If we divide our closed economy into two identical private sectors (no government just yet), when one is in deficit, the other is in surplus; that is, total spending in one exceeds total income, and total income in the other exceeds total spending by the same amount. That’s just rearranging what we’ve already said. Agreed?
If people are saving, money is draining out of the economy, whereas investments/credit injects “extra” money into the economy. The equation only holds if savings are exactly the same as investments.
What happens if one sector is doing its business poorly and losing money—but not borrowing?
Nick,
Obviously, there are leakages. That’s what we’re discussing! So the question is, how can total income exceed total expenditure? Alternatively, how can total expenditure exceed total income?

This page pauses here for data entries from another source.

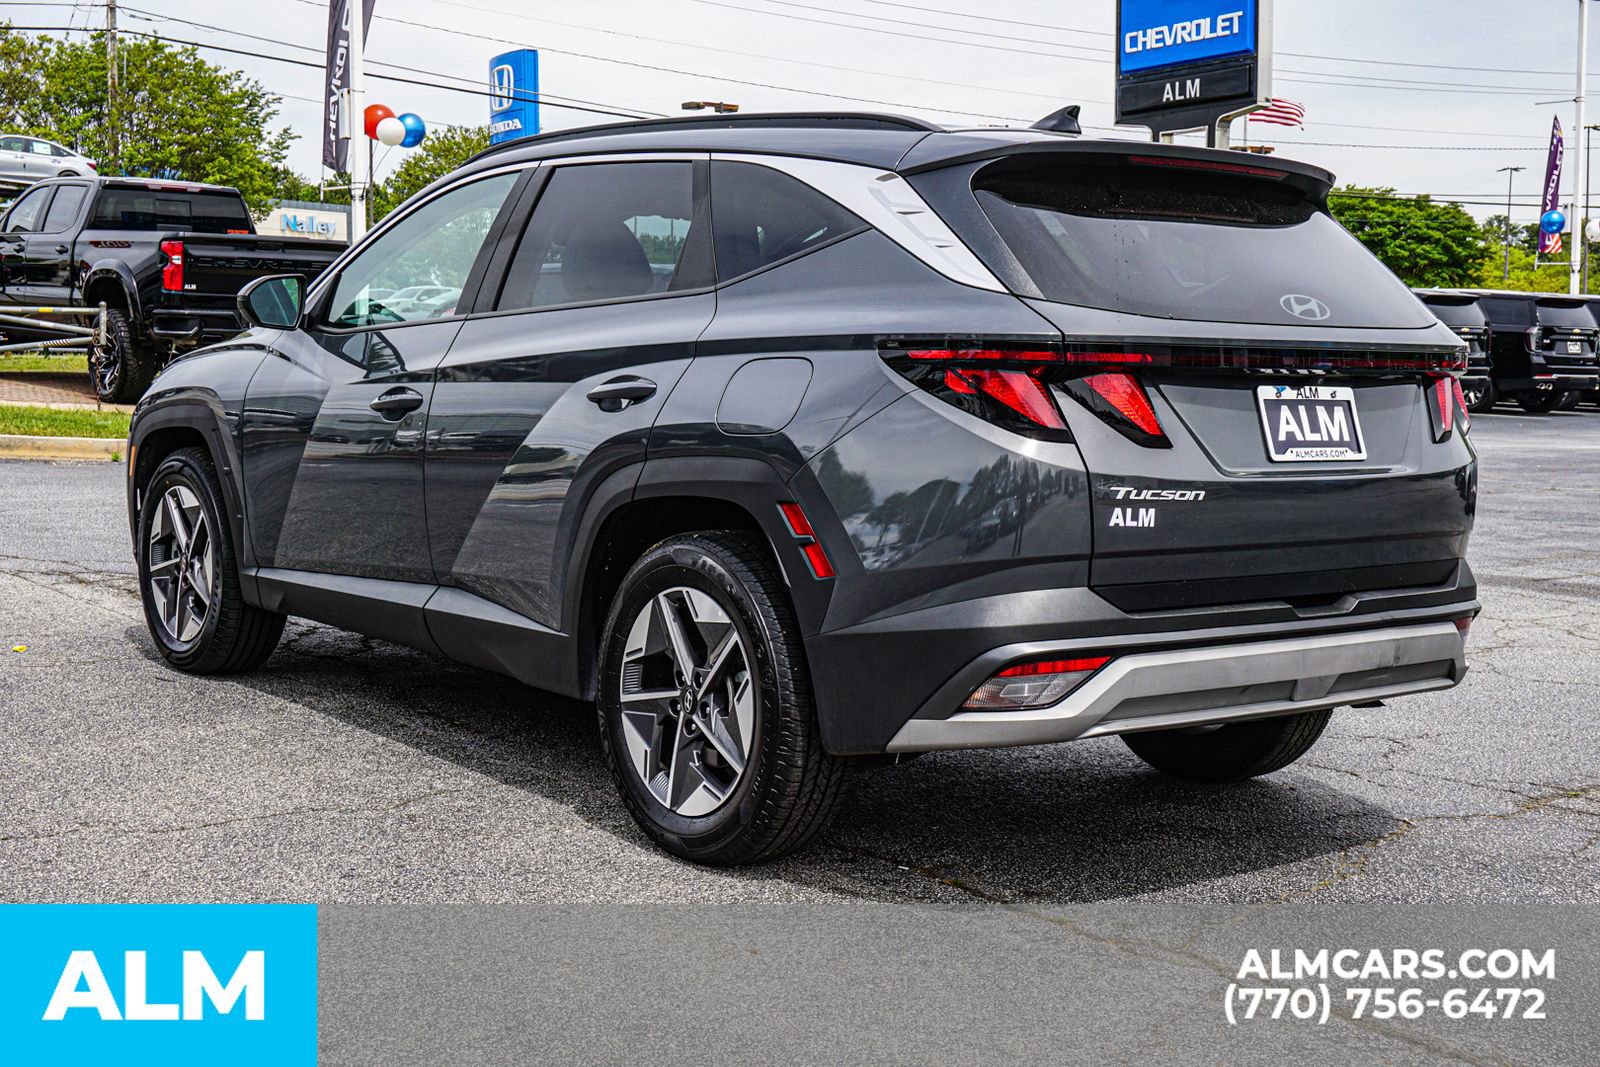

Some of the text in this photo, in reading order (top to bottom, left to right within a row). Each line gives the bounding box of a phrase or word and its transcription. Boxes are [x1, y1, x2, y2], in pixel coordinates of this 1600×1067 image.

[1125, 11, 1243, 53] CHEVROLET
[1162, 78, 1201, 102] ALM
[280, 214, 337, 239] Nalley
[197, 256, 328, 271] CHEVROLE
[1295, 386, 1320, 399] ALM
[1278, 405, 1351, 442] ALM
[1295, 449, 1346, 459] ALMCARS.COM
[1109, 507, 1156, 527] ALM

Probably out of time on this for now…
Maybe just a couple more things:
So a govt surplus (T > G) implise a leakage such that total expenditure is greater than total income. Alternatively, a deficit (G > T) implies that total income is greater than total expenditure–because the government is a net addition to the economy as a whole, raising total income without raising total expenditure.
The further impliactions are obvious. And are the borne out by the empirical record? Why, yes:
1. 1817-21: In five years, the national debt was reduced by 29 percent, to $90 million. A depression began in 1819.
2. 1823-36: In 14 years, the debt was reduced by 99.7 percent, to $38,000. A depression began in 1837.
3. 1852-57: In six years, the debt was reduced by 59 percent, to $28.7 million. A depression began in 1857..
4. 1867-73: In seven years, the debt was reduced by 27 percent, to $2.2 billion. A depression began in 1873.
5. 1880-93: In 14 years, the debt was reduced by 57 percent, to $1 billion. A depression began in 1893.
6. 1920-30: In 11 years, the debt was reduced by 36 percent, to $16.2 billion. A depression began in 1929.
Oh, and add the Clinton surpluses–but it wasn’t like these were followed by any kind of crash, right?
Correlation does not imply causation!